A useful clarification for beginners: these yeasts are not interchangeable on a weight-for-weight basis. Generally, you need about three times as much fresh yeast as dry, but the proportions should be verified based on the recipe and the yield—don’t take them for granted.
Quantity, Temperature, and Time
One of the most common mistakes beginners make is thinking that more yeast means more rising. The relationship is almost the opposite. Using too much yeast produces doughs that rise quickly but develop flat flavors, unpleasant acidity, and a poorly developed airy structure. Smaller quantities and longer times build aromatic complexity. This is the principle behind contemporary pizza and large, slow-rising loaves.

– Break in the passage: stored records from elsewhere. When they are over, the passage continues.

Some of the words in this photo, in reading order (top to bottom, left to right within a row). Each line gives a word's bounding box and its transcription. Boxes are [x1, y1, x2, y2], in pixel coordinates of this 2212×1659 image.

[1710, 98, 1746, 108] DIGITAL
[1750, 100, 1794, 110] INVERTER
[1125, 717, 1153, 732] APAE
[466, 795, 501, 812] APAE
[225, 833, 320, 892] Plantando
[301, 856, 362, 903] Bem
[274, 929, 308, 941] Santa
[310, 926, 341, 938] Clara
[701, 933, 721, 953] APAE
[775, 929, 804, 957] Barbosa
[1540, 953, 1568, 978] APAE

Temperature is the most direct factor. Around 20 degrees Celsius, yeast activity is moderate and constant. Above 35 degrees, it slows down, and above 50 degrees, the cells die. Below 4 degrees, yeast slows down almost completely. This is the basis of cold fermentation, a technique now widespread in pizzerias and bakeries: the dough remains in the refrigerator for 12, 24, or even 72 hours. The cold does not stop the yeast; it makes it work slowly, and this slowness improves the aroma and digestibility.

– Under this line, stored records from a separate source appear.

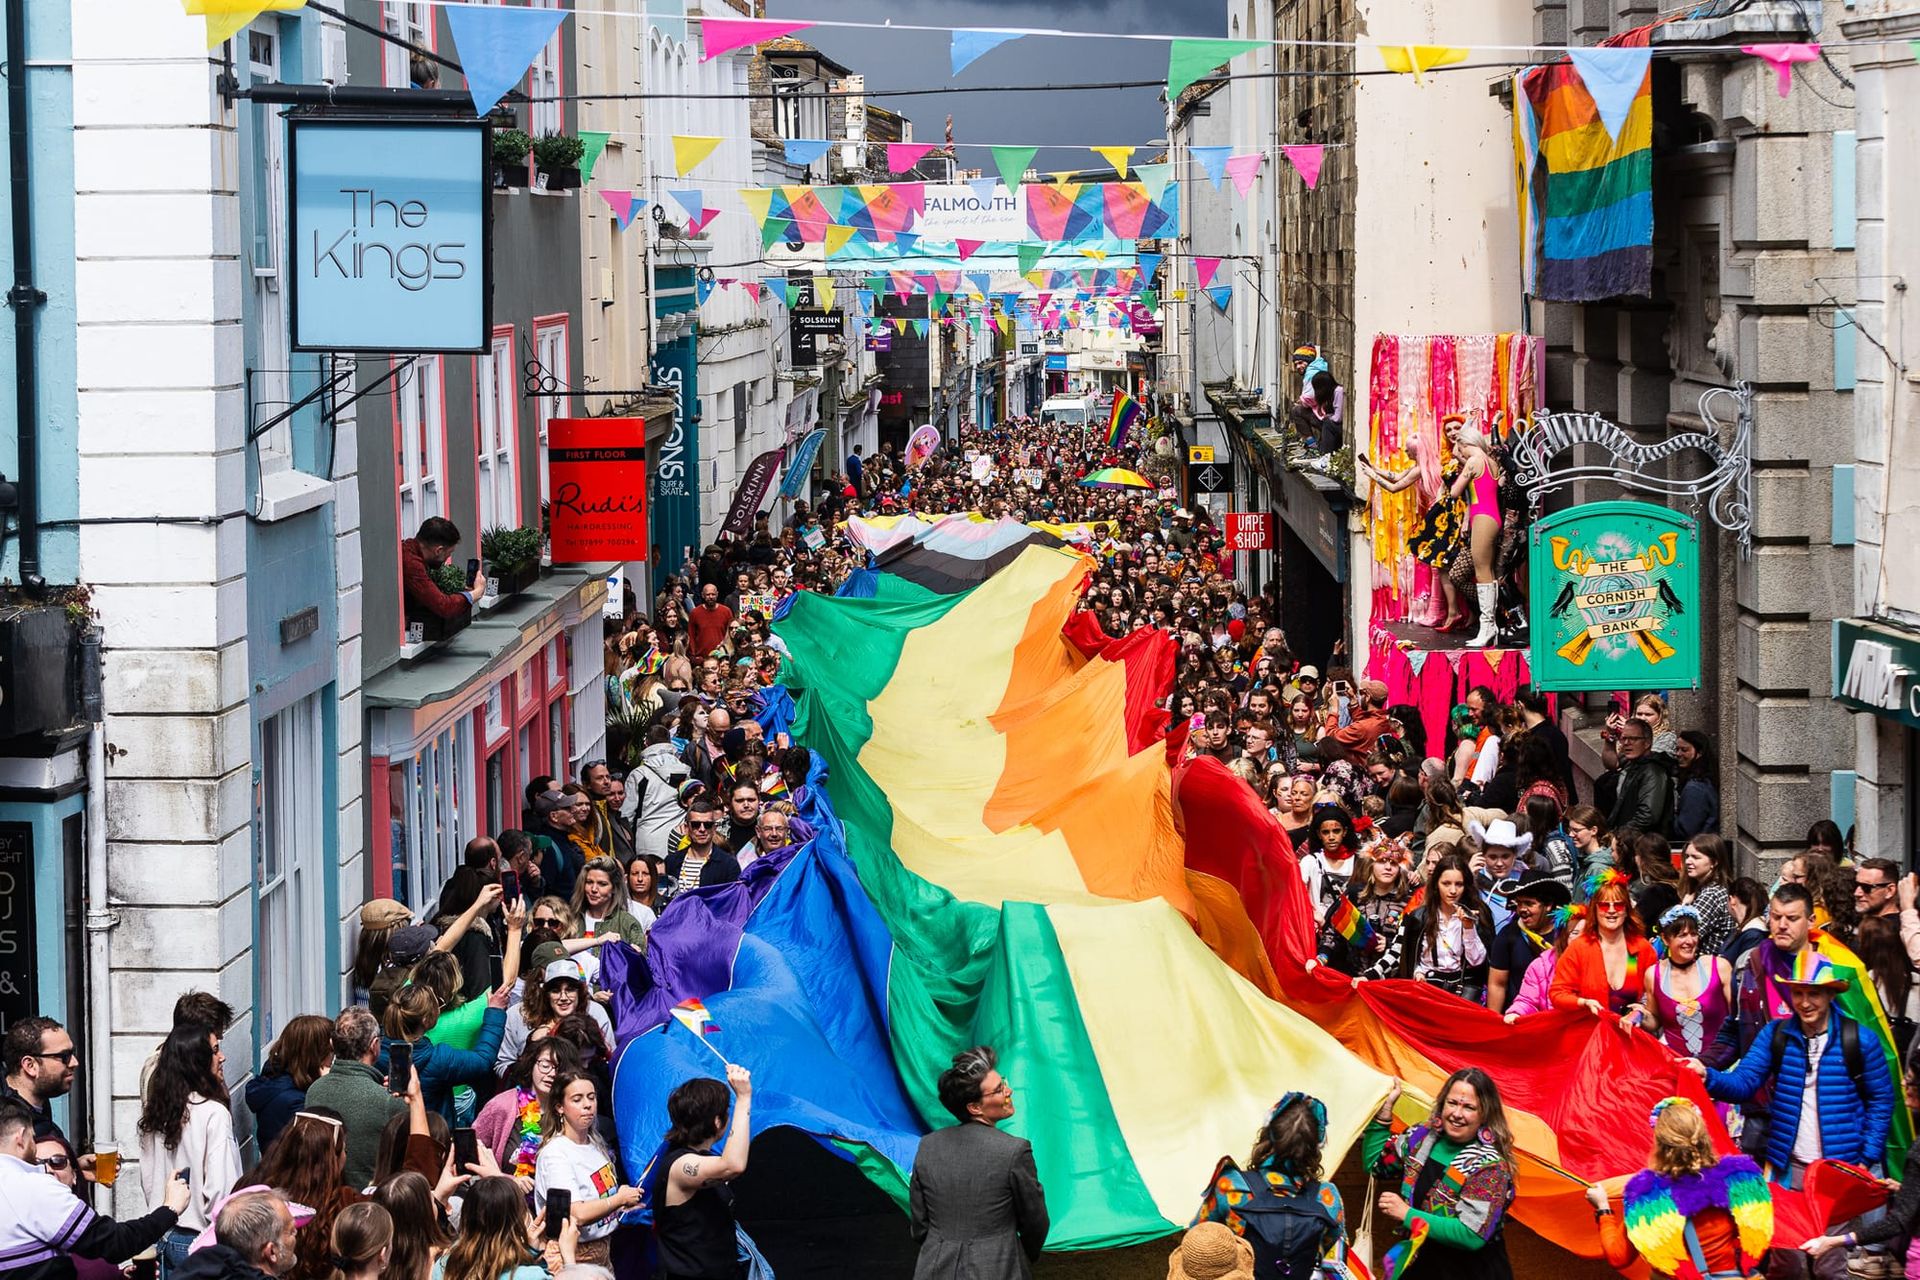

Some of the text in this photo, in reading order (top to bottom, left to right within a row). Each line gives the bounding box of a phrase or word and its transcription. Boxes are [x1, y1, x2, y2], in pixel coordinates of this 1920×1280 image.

[340, 188, 428, 229] The
[314, 228, 466, 291] Kings
[566, 450, 626, 459] FIRST FLOOR
[660, 480, 684, 488] SURF &
[660, 488, 683, 496] SKATE
[732, 463, 766, 526] SOLSKINN
[554, 482, 643, 519] Rudi's
[1237, 514, 1264, 531] VAPE
[1237, 532, 1266, 548] SHOP
[1600, 562, 1629, 574] THE
[1586, 590, 1646, 605] CORNISH
[1602, 619, 1640, 634] BANK

Time, therefore, is not a passive wait but a variable that can be managed. A dough with 0.2 grams of yeast per 500 grams of flour, left for 20 hours at 18 degrees, yields a very different result from one with 5 grams of yeast left to rise for 2 hours at 28 degrees. Both will rise, but only the first will have better structure, aroma, and digestibility. The pizza maker who prepares the dough the day before serving and the baker who kneads in the evening for the morning work on the same principle.

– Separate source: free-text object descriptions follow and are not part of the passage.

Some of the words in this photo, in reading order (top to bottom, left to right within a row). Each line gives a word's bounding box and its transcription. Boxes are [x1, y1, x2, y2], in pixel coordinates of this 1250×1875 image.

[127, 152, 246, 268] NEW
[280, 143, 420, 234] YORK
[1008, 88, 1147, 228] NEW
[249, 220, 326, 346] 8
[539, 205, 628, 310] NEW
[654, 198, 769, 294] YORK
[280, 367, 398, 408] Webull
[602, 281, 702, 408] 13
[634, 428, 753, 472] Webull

Brewer’s yeast and sourdough starter
The comparison between brewer’s yeast and sourdough starter is often presented as an ideological conflict, almost a matter of faith. It is a simplification that helps no one. The two leavening agents are not mutually exclusive: they serve different purposes and, in many cases, complement each other.
Brewer’s yeast is precise, fast, and predictable. Sourdough starter, which contains both wild yeasts and lactic acid bacteria, imparts acidity, aromatic complexity, and superior shelf life to the finished product. Many pizzaioli and bakers use double-fermented doughs, with a starter made from sourdough and a small percentage of brewer’s yeast to stabilize the timing. It is not a compromise; it is a technical choice. In Neapolitan pizza as in large baked leavened goods, this approach allows for combining the reliability of brewer’s yeast with the character of sourdough.
Yeast as Culture
There is a dimension that goes beyond technique. Yeast is one of the oldest and most universal elements in the history of food. Every civilization that cultivated grains discovered, sooner or later, that dough left to its own devices changed, grew, and became tastier. Leavened bread is documented as far back as ancient Egypt, around four thousand years ago.
This story is not merely anecdotal; it has a scientific basis. Local wild yeasts—those that colonize a sourdough starter kept for years in the same bakery—reflect the microbiology of that place. A sourdough starter maintained in Naples is different from one cultivated in San Francisco or Tokyo, and the difference is evident in both bread and pizza.
Yeast, ultimately, is not just a leavening agent. It is the meeting point between chemistry and craftsmanship, between raw materials and the artisan’s touch, between tradition and research. Understanding it thoroughly is no small matter: it is the first step toward truly making bread and pizza.